Für den produktiven Einsatz und ausreichend Kostenkontrolle benötigen Unternehmen Einblick in den gesamten Ablauf einer AI-Anfrage. Diese Aufgabe übernimmt AI-Observability. Sie erweitert das klassische Monitoring um spezifische AI-Daten. Einige Beispiele: Informationen über Modellaufrufe, Antwortzeiten, Token-Verbrauch und die Qualität der Ergebnisse. Entscheidend ist dabei eine End-to-End-Perspektive. Sie reicht vom Eingabepunkt über beteiligte Anwendungen und Schnittstellen bis zum Sprachmodell und zurück zur ausgegebenen Antwort. Erst diese durchgängige Sicht deckt auf, an welcher Stelle Verzögerungen oder unerwartete Kosten entstehen.

Modellverhalten und Kosten überwachen

Wie wichtig diese Transparenz ist, zeigt der Zahlungsdienstleister FreedomPay. Das Unternehmen nutzt generative AI für Transaktionsanalysen, Betrugserkennung und Abläufe im Kundenservice. Es betrachtet Observability dabei als Voraussetzung für die breite Nutzung von künstlicher Intelligenz. Das Unternehmen überwacht den Weg von der Eingabe bis zur Modellantwort und erhält dadurch Einblick in das Modellverhalten und die Kosten. Zusammen mit Metriken, Logs und Traces aus anderen Bereichen der IT-Infrastruktur erkennt FreedomPay durch AI-Observability Probleme, bevor sie Transaktionen oder das Kundenerlebnis beeinträchtigen.

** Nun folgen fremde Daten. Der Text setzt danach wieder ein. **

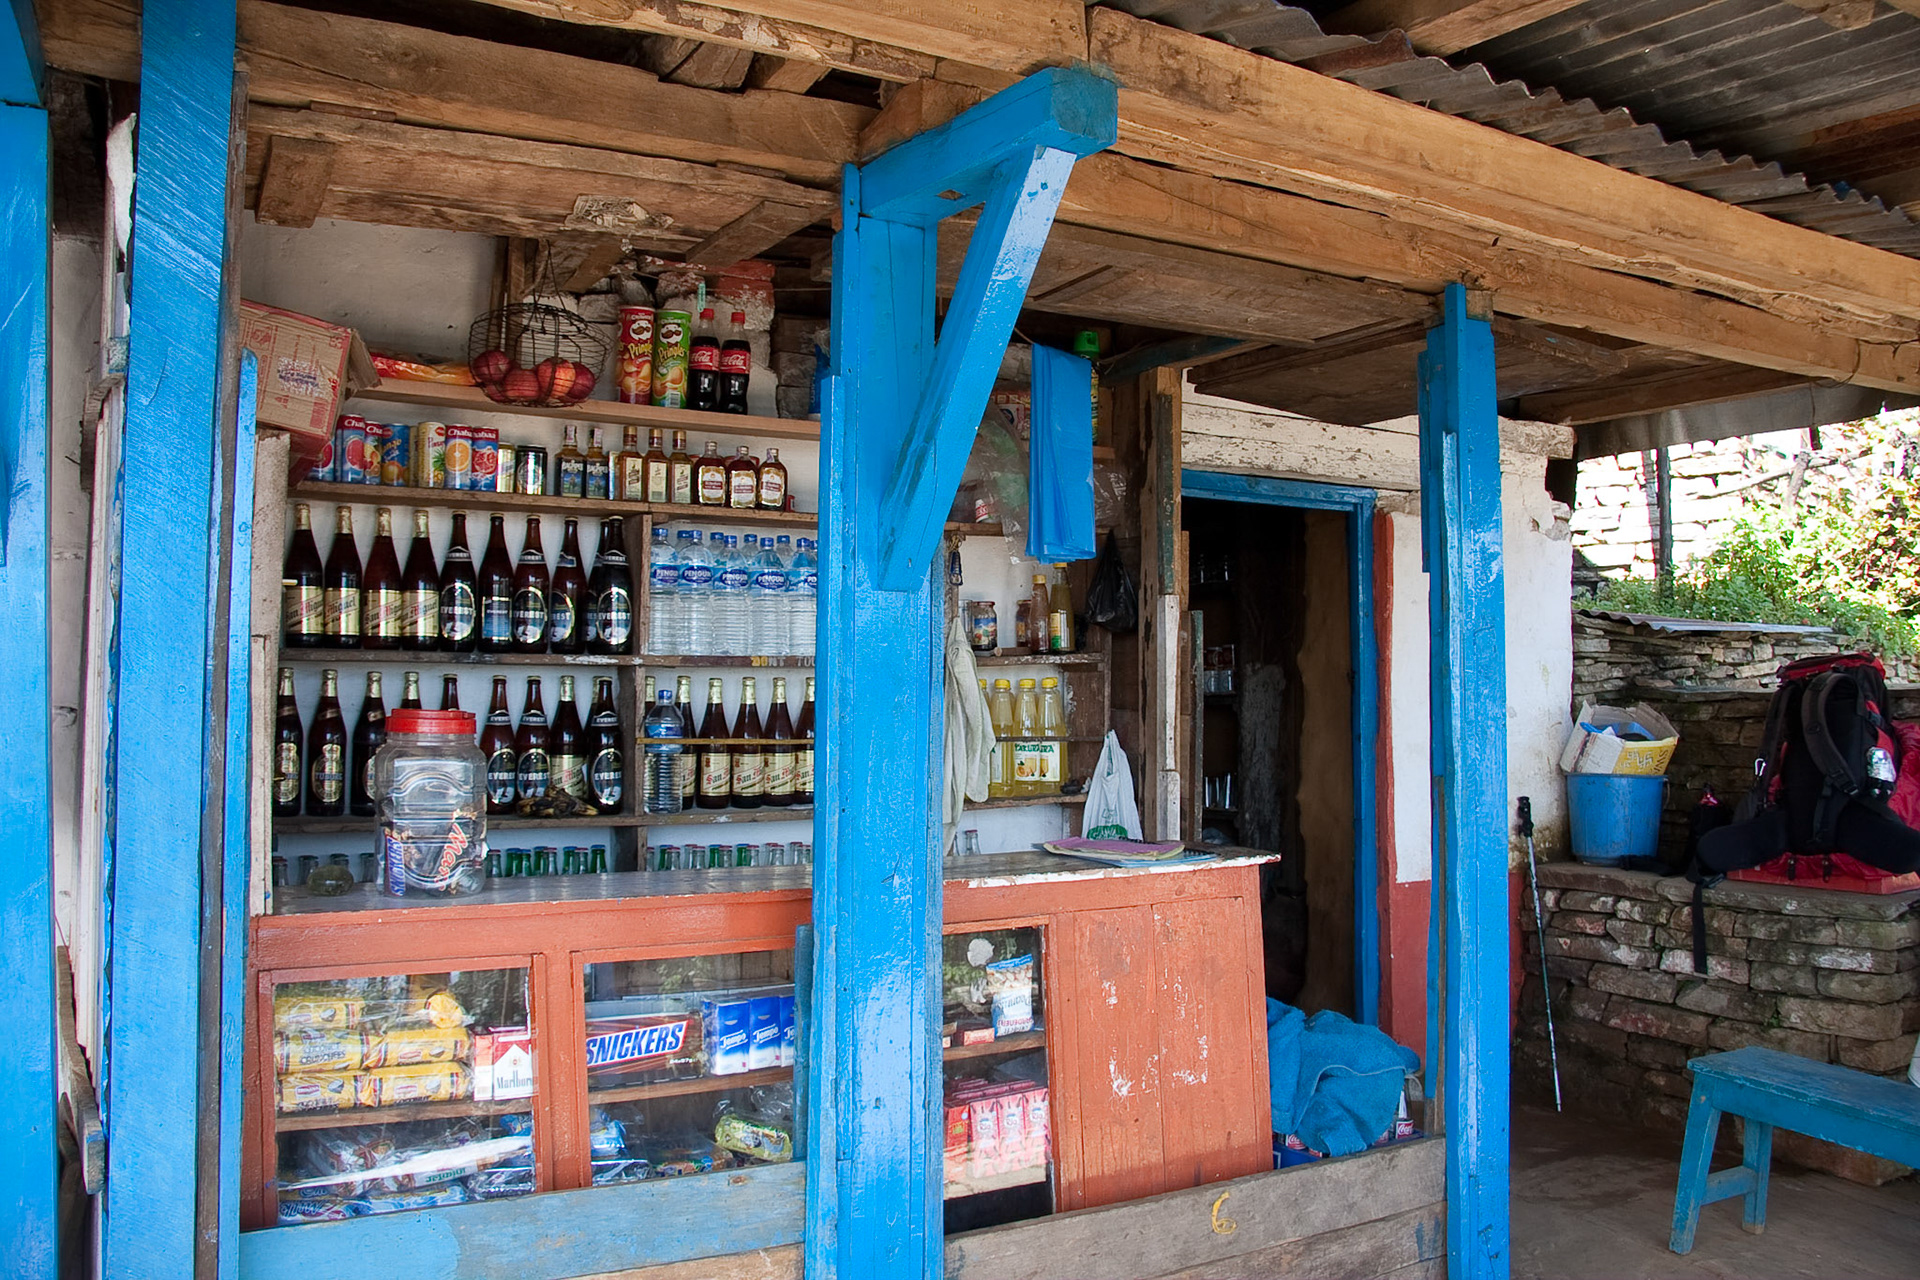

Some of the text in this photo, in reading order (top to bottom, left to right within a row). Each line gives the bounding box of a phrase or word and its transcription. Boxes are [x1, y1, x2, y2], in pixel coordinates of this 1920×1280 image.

[656, 569, 678, 577] PENGU
[441, 606, 473, 614] EVEREST
[599, 611, 630, 620] EVEREST
[720, 1030, 747, 1049] Tempo
[753, 1023, 780, 1043] Tempo
[587, 1023, 684, 1065] SNICKERS
[497, 1070, 532, 1089] Marlbor
[1212, 1191, 1237, 1235] 6

Gerade der Token-Verbrauch weist auf andere Anforderungen als bei herkömmlichen Anwendungen hin. Beim API-Zugriff auf Modelle hängt ein Teil der Betriebskosten davon ab, wie viele Tokens verarbeitet werden. Die Anbieter unterscheiden dabei im Preis zwischen drei Arten von Token: System-, Eingabe- und Ausgabe-Token. Mit Ersterem sind allgemeine Anweisungen an das Modell gemeint, während die anderen Token-Arten den Ablauf des Dialogs betreffen. Selbst kleinere Ineffizienzen können sich aufschaukeln. Bei Tausenden oder Millionen Interaktionen im produktiven Betrieb entsteht ein erheblicher Kostenfaktor.

Mehr Kontrolle für die Skalierung

AI-Observability wird so zu einer Kontrollschicht für den produktiven Einsatz von künstlicher Intelligenz. Sie ermöglicht die Untersuchung von Fehlerquellen, Kostenrisiken und Qualitätsregeln. Gleichzeitig entstehen Daten, die für Governance und regulatorische Nachweise genutzt werden können. Damit erleichtert Observability den kontrollierten Einsatz generativer AI im Finanzsektor.

Denn Pilotprojekte mit wenigen Nutzern lassen sich leicht überblicken. Sobald AI jedoch im Tagesgeschäft eingesetzt wird, steigt die Zahl der Modellaufrufe stark. Zugleich wachsen die möglichen Risiken des Fehlverhaltens von Modellen. Transparenz über die gesamte Verarbeitungskette ist damit die Grundlage für eine erfolgreiche Skalierung.